AQA M2 (Mechanics 2) 2007 January

1 A child, of mass 35 kg , slides down a slide in a water park. The child, starting from rest, slides from the point \(A\) to the point \(B\), which is 10 metres vertically below the level of \(A\), as shown in the diagram.
\includegraphics[max width=\textwidth, alt={}, center]{480a817d-074f-440d-829e-c8f8a9746151-2_259_595_685_705}

1. In a simple model, all resistance forces are ignored. Use an energy method to find the speed of the child at \(B\).
2. State one resistance force that has been ignored in answering part (a).
3. In fact, when the child slides down the slide, she reaches \(B\) with a speed of \(12 \mathrm {~m} \mathrm {~s} ^ { - 1 }\). Given that the slide is 20 metres long and the sum of the resistance forces has a constant magnitude of \(F\) newtons, use an energy method to find the value of \(F\).
   (4 marks)

2 A hotel sign consists of a uniform rectangular lamina of weight \(W\). The sign is suspended in equilibrium in a vertical plane by two vertical light chains attached to the sign at the points \(A\) and \(B\), as shown in the diagram. The edge containing \(A\) and \(B\) is horizontal.
\includegraphics[max width=\textwidth, alt={}, center]{480a817d-074f-440d-829e-c8f8a9746151-2_289_529_1859_726} The tensions in the chains attached at \(A\) and \(B\) are \(T _ { A }\) and \(T _ { B }\) respectively.

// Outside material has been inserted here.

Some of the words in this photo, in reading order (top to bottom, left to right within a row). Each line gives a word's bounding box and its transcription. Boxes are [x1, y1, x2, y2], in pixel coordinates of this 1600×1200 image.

1. Draw a diagram to show the forces acting on the sign.
2. Find \(T _ { A }\) and \(T _ { B }\) in terms of \(W\).
3. Explain how you have used the fact that the lamina is uniform in answering part (b).

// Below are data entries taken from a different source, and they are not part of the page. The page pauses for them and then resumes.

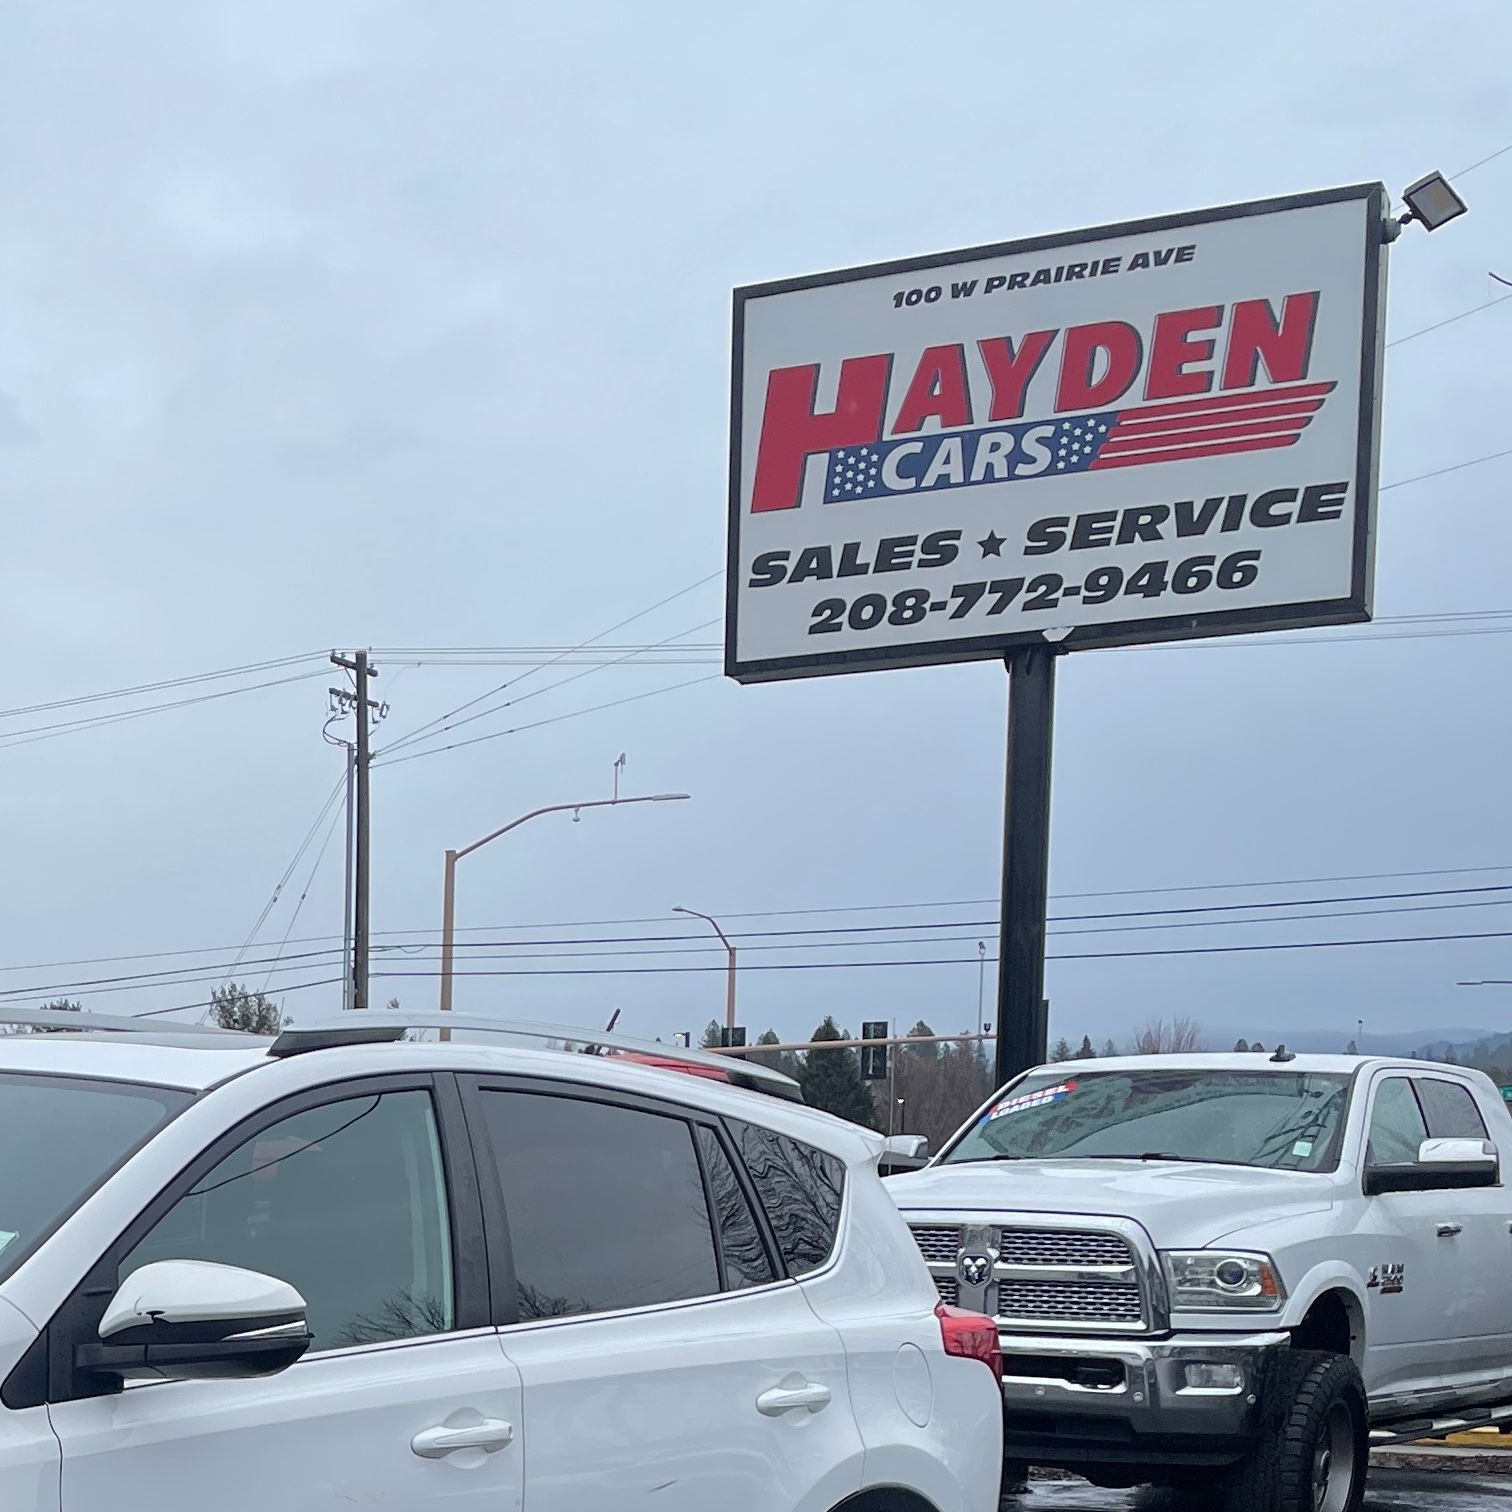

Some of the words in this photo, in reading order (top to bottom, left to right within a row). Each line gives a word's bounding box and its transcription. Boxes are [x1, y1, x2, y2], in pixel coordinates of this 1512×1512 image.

[892, 285, 943, 310] 100
[950, 276, 981, 299] W
[983, 257, 1122, 294] PRAIRIE
[1127, 244, 1197, 269] AVE
[750, 291, 1321, 515] HAYDEN
[880, 424, 1058, 493] CARS
[748, 528, 965, 589] SALES
[1023, 482, 1349, 556] SERVICE
[807, 551, 1261, 635] 208-772-9466

3 A light inextensible string has length \(2 a\). One end of the string is attached to a fixed point \(O\) and a particle of mass \(m\) is attached to the other end. Initially, the particle is held at the point \(A\) with the string taut and horizontal. The particle is then released from rest and moves in a circular path. Subsequently, it passes through the point \(B\), which is directly below \(O\). The points \(O , A\) and \(B\) are as shown in the diagram.
\includegraphics[max width=\textwidth, alt={}, center]{480a817d-074f-440d-829e-c8f8a9746151-3_426_437_575_772}

1. Show that the speed of the particle at \(B\) is \(2 \sqrt { a g }\).
2. Find the tension in the string as the particle passes through \(B\). Give your answer in terms of \(m\) and \(g\).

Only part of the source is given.